Studio album by Chicago
- Released: October 4, 2011
- Recorded: October 2010
- Genres: Rock; Christmas;
- Length: 53:23
- Label: Chicago II Records
- Producer: Phil Ramone

Chicago chronology
| Chicago XXXII: Stone of Sisyphus (2008) | Chicago XXXIII: O Christmas Three (2011) | Chicago XXXIV: Live in ‘75 (2011) |

= Chicago XXXIII: O Christmas Three =

Chicago XXXIII: O Christmas Three is the twenty-second studio album, the second full album of Christmas songs, and thirty-third overall by the American rock band Chicago. The album was released on October 4, 2011. The collection includes a variety of holiday classics and a new tune, "Rockin' and Rollin' on Christmas Day", co-written by founding trumpet player Lee Loughnane.
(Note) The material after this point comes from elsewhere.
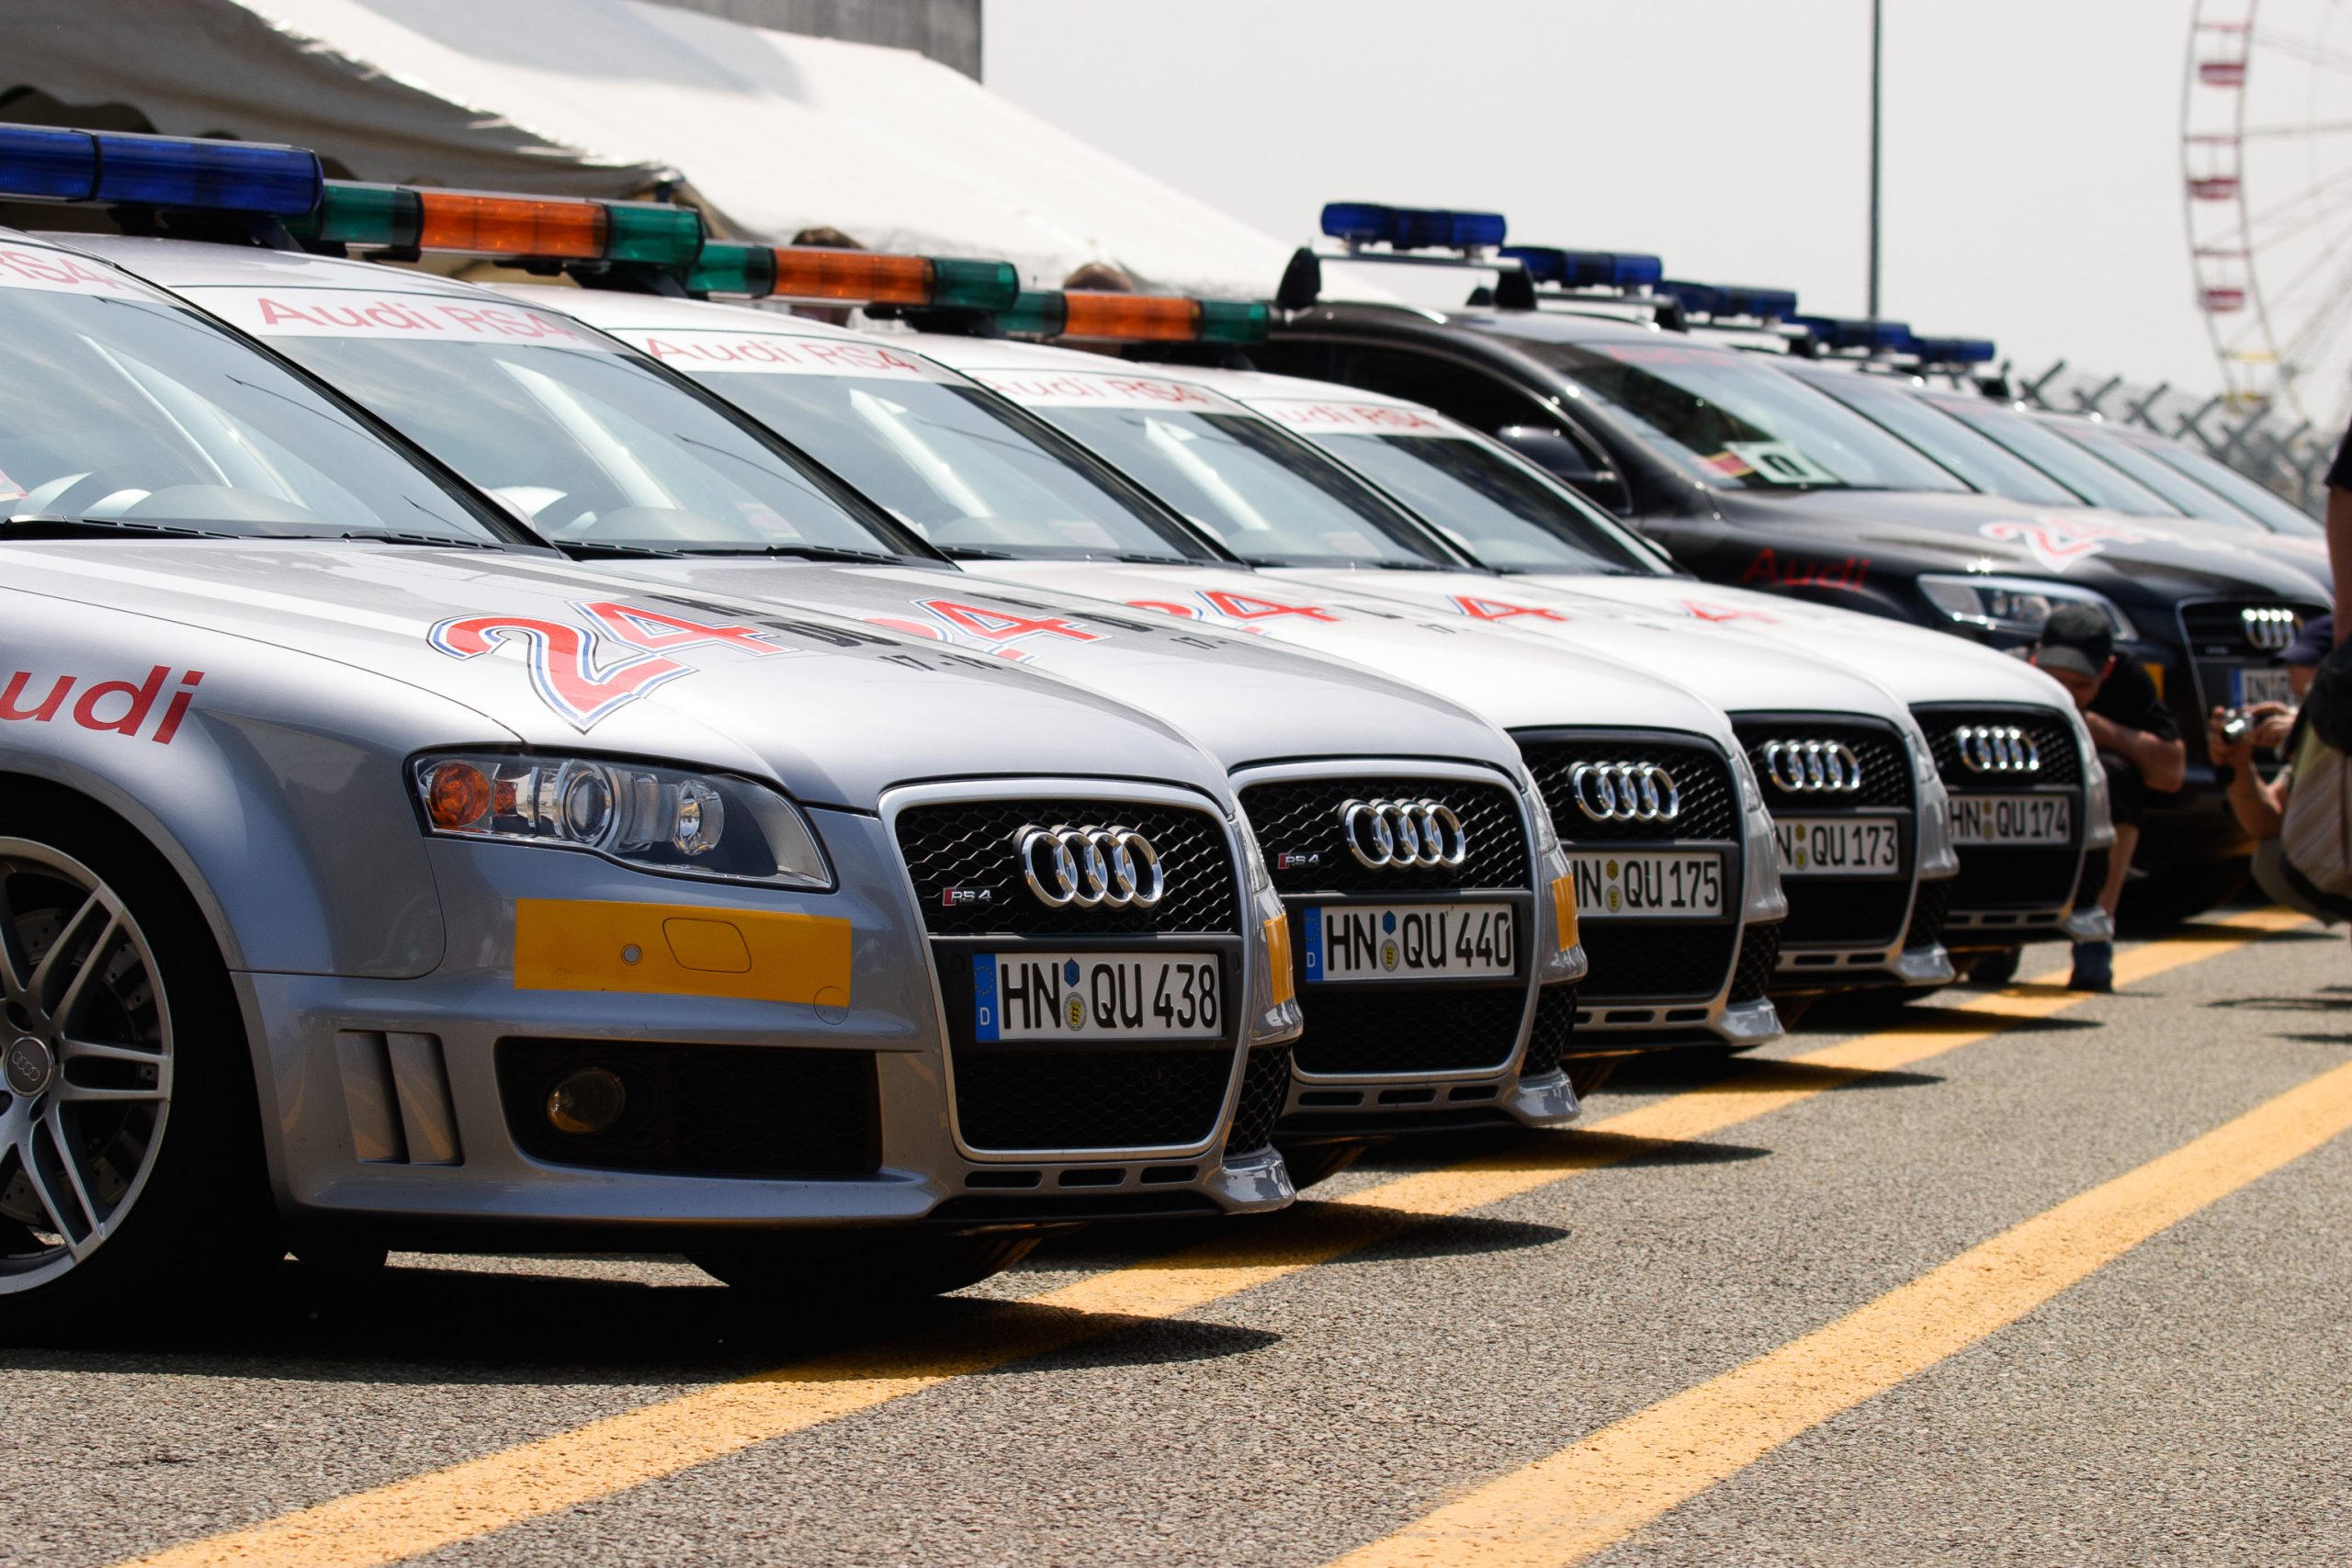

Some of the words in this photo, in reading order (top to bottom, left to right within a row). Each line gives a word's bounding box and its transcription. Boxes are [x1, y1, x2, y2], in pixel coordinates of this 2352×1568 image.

The album was produced by veteran producer Phil Ramone, who co-produced the band's albums Hot Streets (1978) and Chicago 13 (1979). The album features guest artists Dolly Parton on Paul McCartney's "Wonderful Christmas Time", America on "I Saw Three Ships", BeBe Winans on "Merry Christmas Darling", and guitarist Steve Cropper on "Rockin’ and Rollin’ on Christmas Day".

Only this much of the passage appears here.